Il avait rendu visite à toutes les entreprises qu'il avait trouvées pour leur montrer le bouton et peut-être en savoir un peu plus sur l'acheteur. Les deux entreprises textiles n'avaient rien donné ; elles ne fabriquent pas ce genre de bouton. Il fallait chercher ailleurs !

Il passa alors chez deux tailleurs indépendants qu'il avait repérés, et qui semblaient faire le style de vêtements qui allaient avec le bouton qu'il possédait.

Le premier commerçant était un homme très occupé, qui gérait une boutique avec quatre employés et qui l'avait renvoyé froidement, n'ayant pas de temps à perdre avec un enfant, selon ses mots. Il était parti après avoir inspecté les boutons des vêtements et s'être assuré qu'ils n'étaient pas les mêmes que celui qu'il possédait.

Sa dernière visite fut la bonne. Cette fois-ci, le gérant était très aimable, et lui indiqua qu'effectivement, le bouton venait de chez lui. Il avait glissé une lettre parmi tous les entrelacs, ce qui le rendait si sûr de ce qu'il disait.
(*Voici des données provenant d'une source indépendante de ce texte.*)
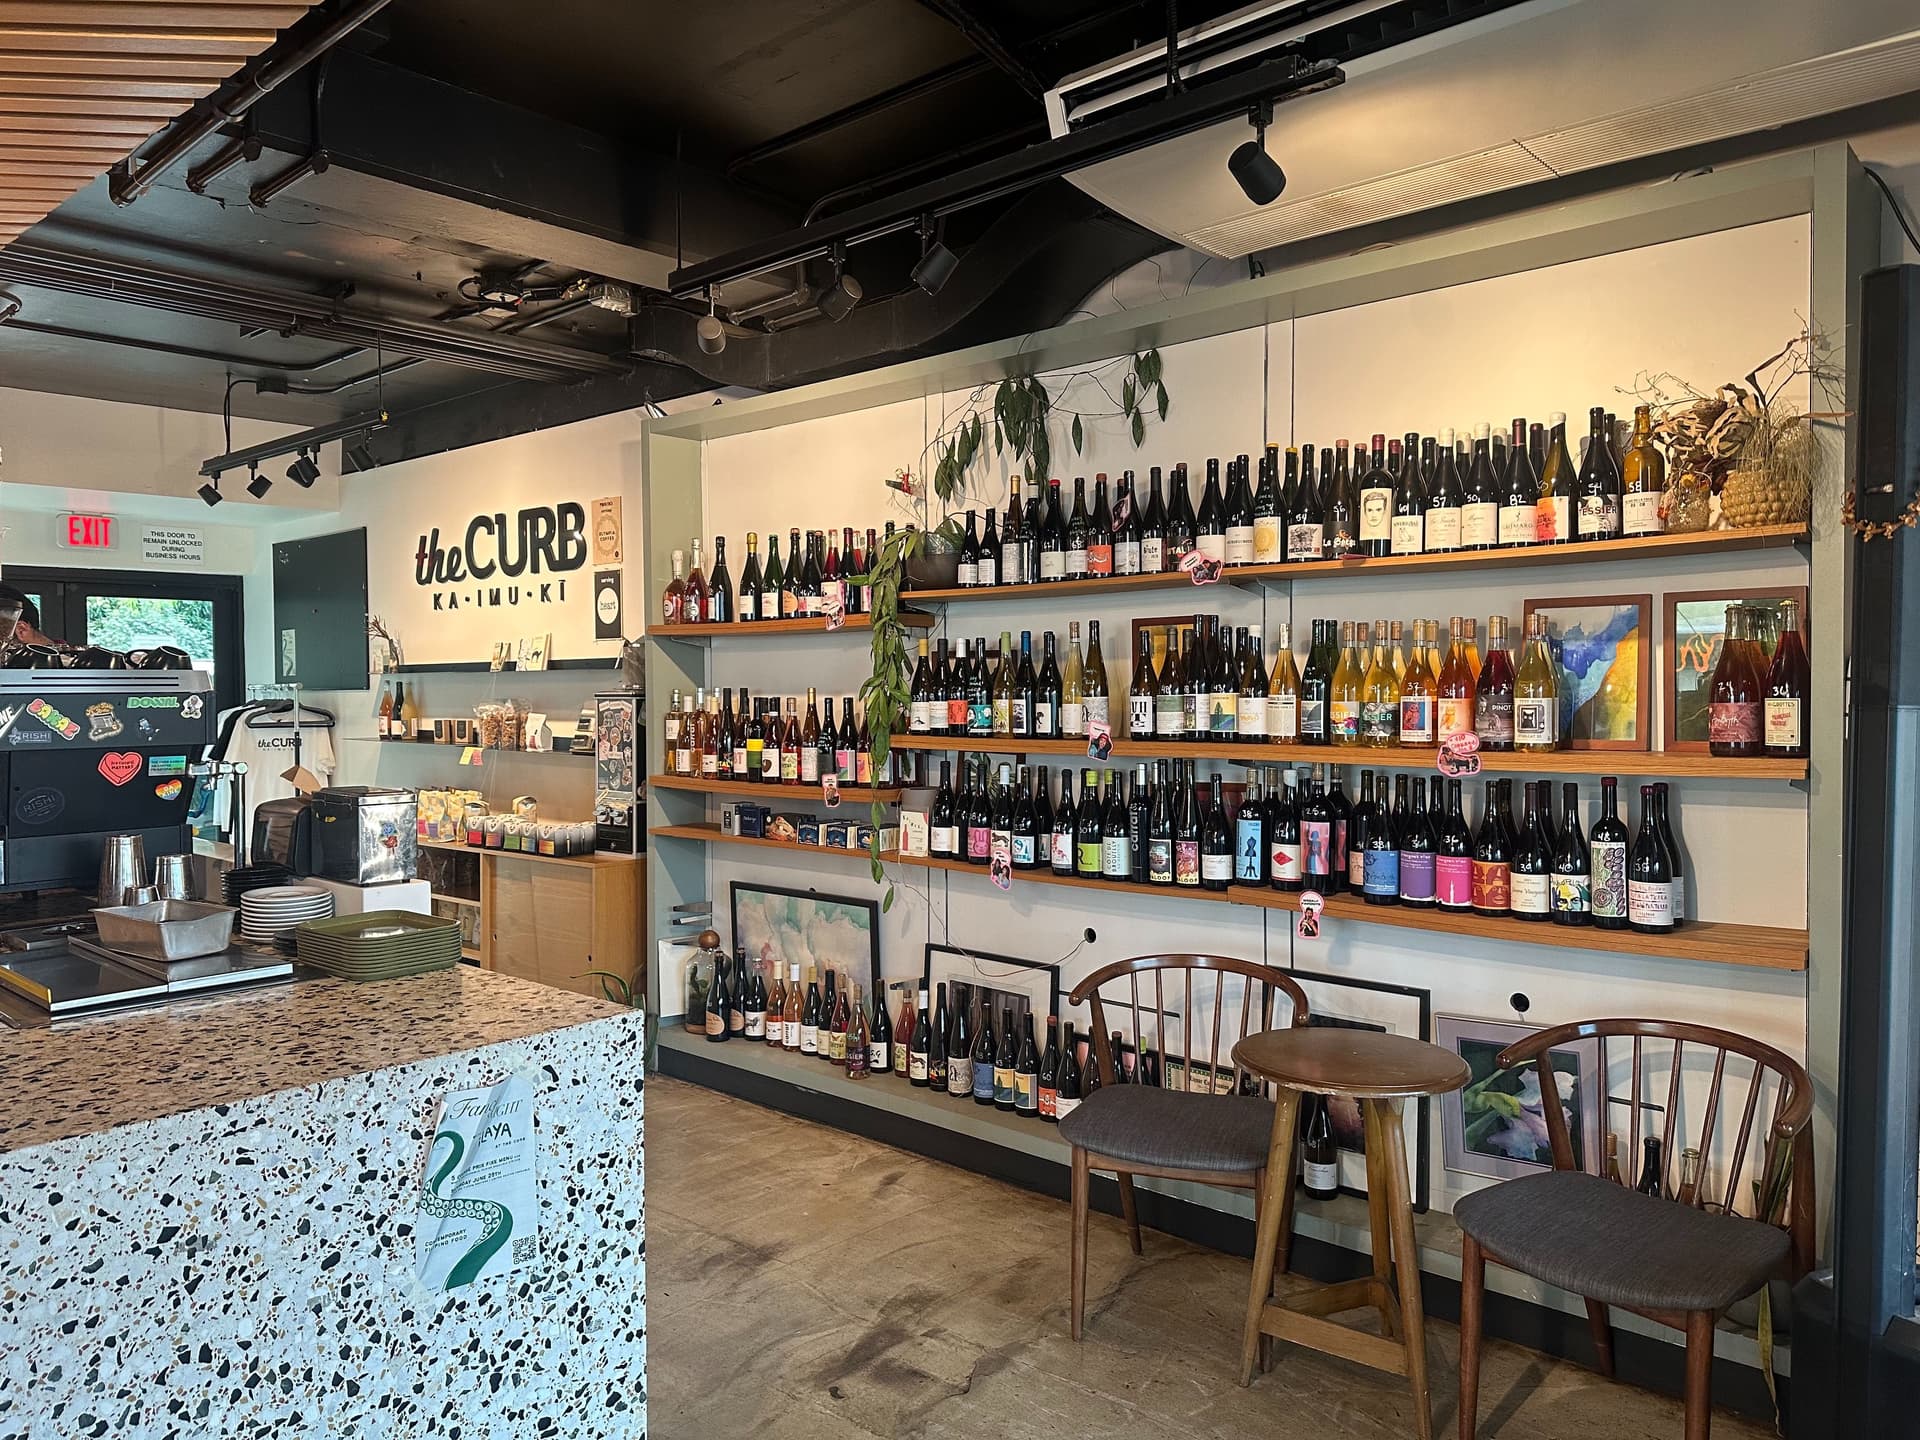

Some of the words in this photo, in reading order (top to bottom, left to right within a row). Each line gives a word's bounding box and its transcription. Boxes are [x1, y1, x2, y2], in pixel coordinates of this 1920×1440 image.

"C'est vrai ? Il vient vraiment de chez vous ? demanda le garçon, les yeux brillants d'espoir.

-Tout à fait ! Mais pourquoi veux-tu savoir cela, jeune homme ?

-Il vient d'un manteau en feutre bleu foncé avec des boutons couleur or ; vous en avez vendu récemment, ou c'est une vieille collection ? S'emporta-t-il, un peu excité d'arriver enfin à quelque chose."

Le commerçant ne répondit pas, et le fixa d'un regard étrange et étonné. Il réitéra plutôt sa question.

L'adolescent n'avait pas réfléchi à cela. Il mit un instant avant de répondre.

"En fait, je cherche un ami. On s'est perdu de vue il y a plusieurs années mais je tiens à lui reparler. La dernière fois que je l'ai vu, c'était il y a un mois, il avait ce manteau, et ce bouton, dit-il en désignant l'objet qu'il avait dans la main, est tombé. Et sur le moment, rajouta-t-il rapidement après, je n'ai pas osé lui courir après, et je me retrouve embêté... J'aimerais vraiment pouvoir le revoir et lui rendre son bouton."

Il fit, pour conclure son discours, le plus beau de ses sourires niais et innocent, et croisa les doigts pour que ça passe. Son interlocuteur plissa les yeux, semblant pensif face à tout ce que l'adolescent venait de lui raconter.

"S'il vous plaît... vous êtes ma seule chance de le revoir, et de retrouver son nom."

L'homme eut un petit grognement d'hésitation, le dévisagea, promena ses yeux de haut en bas sur l'enfant, soupira puis tendit la main vers le bouton.

"Sur un manteau en feutre, tu dis...

-Bleu foncé oui, dit-il, plein d'espoir, et heureux que ça ait fonctionné.

-Montre-moi le bouton s'il te plaît."

Il lui donna l'objet et l'observa l'examiner avec attention.

"Alors... celui-là est plutôt récent.. laisse-moi voir exactement."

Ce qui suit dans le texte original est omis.